I then cut a hole in the side and stuck in a night light (5 watt bulb like
a Christmas tree light). This gave a very nice flat on the V camera with a
50 second exposure. This was 35000 counts on what is about a 45000 count
full scale. Possibly I want to shorten the exposure. Until I rebuild the
box with an aperture, it is a compromise between shutter and saturation
problems. Since the shutter takes about .2 second to open, there is a 0.8%
shutter effect. This may be small compared to the quality of the light box.

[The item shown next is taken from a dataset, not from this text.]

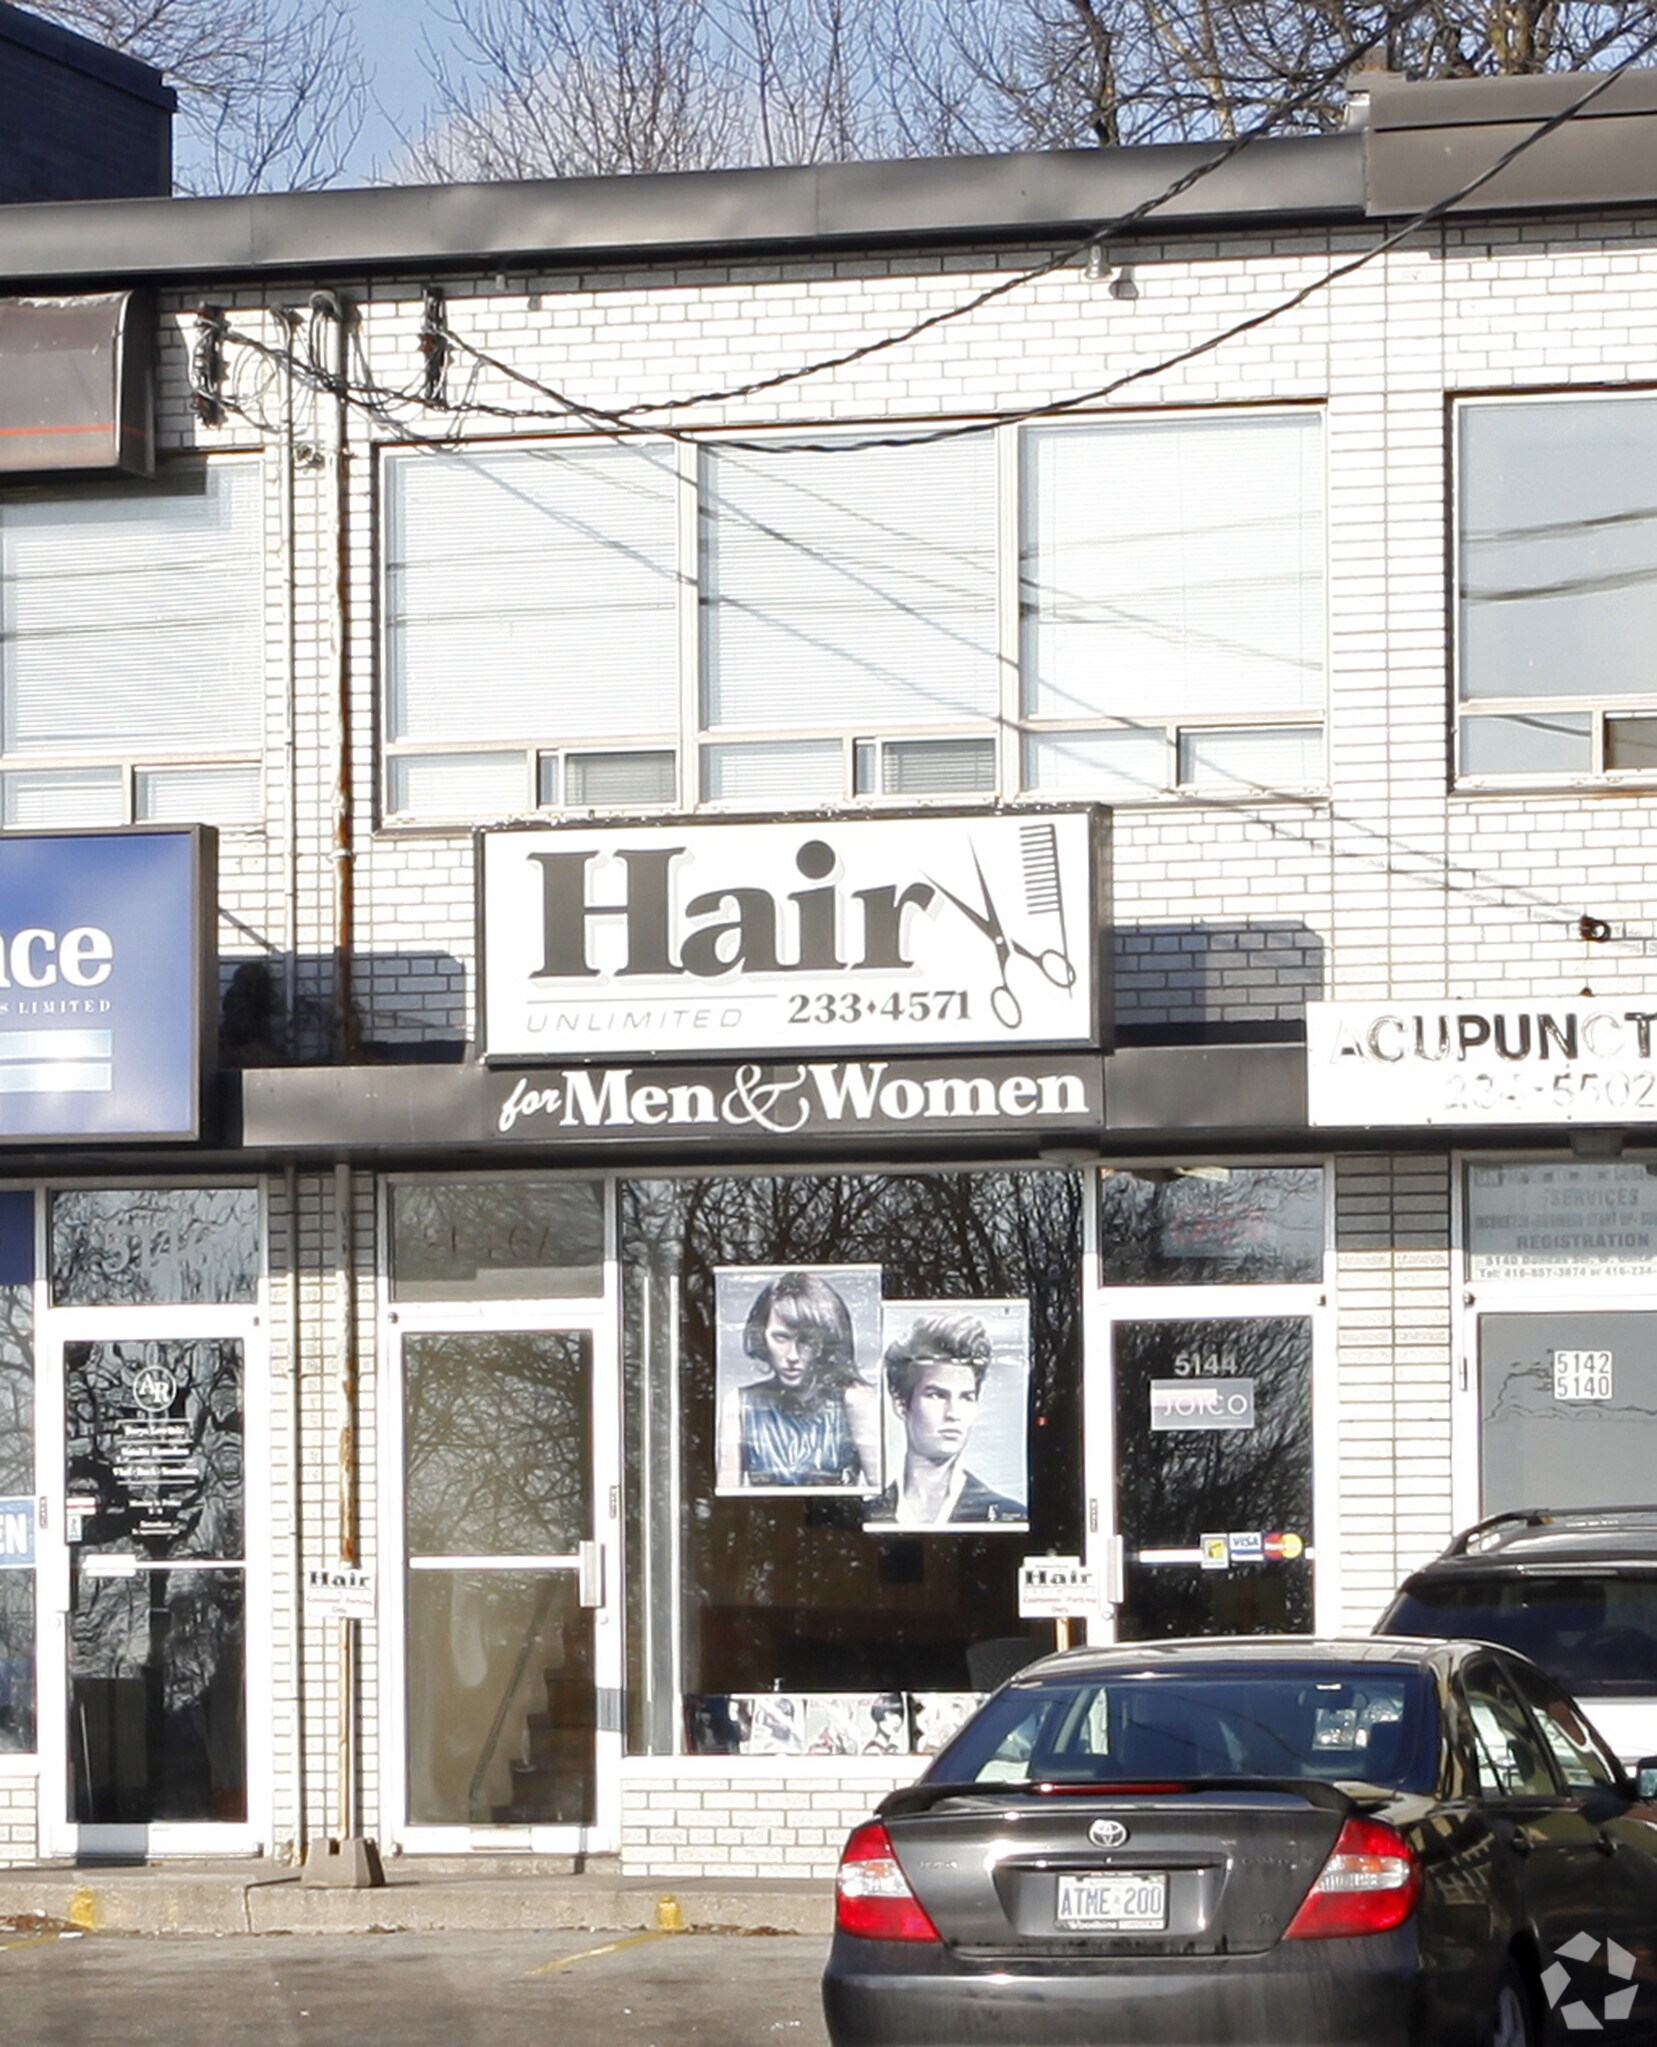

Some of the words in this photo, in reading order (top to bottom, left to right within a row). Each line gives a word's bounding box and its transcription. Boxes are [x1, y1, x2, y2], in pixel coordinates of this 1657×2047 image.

For the I camera, the signal was saturated at even a 0.4 second
exposure. So I guess you all know where most of the energy goes when put
into incandescent light bulbs.
I will have to build an addition on the light box to allow closing down the
aperture to the night light. Other than that, I should be able to start
making better flats.
Looking at the V flat, it has the same structure as the V flat made from
object frames. This looks a lot different from the I flat made the same
way. I take this as a good sign. The V flat looks like a V flat.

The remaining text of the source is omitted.